Go through the entries and set each one down exactly.

(The input)

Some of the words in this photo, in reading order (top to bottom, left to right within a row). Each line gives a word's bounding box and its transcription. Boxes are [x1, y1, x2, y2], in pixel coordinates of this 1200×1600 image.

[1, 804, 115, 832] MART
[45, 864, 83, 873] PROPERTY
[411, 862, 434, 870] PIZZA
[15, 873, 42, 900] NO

(End The input)

▸ Task output:
Some of the words in this photo, in reading order (top to bottom, left to right within a row). Each line gives a word's bounding box and its transcription. Boxes are [x1, y1, x2, y2], in pixel coordinates of this 1200×1600 image.

[1, 804, 115, 832] MART
[45, 864, 83, 873] PROPERTY
[411, 862, 434, 870] PIZZA
[15, 873, 42, 900] NO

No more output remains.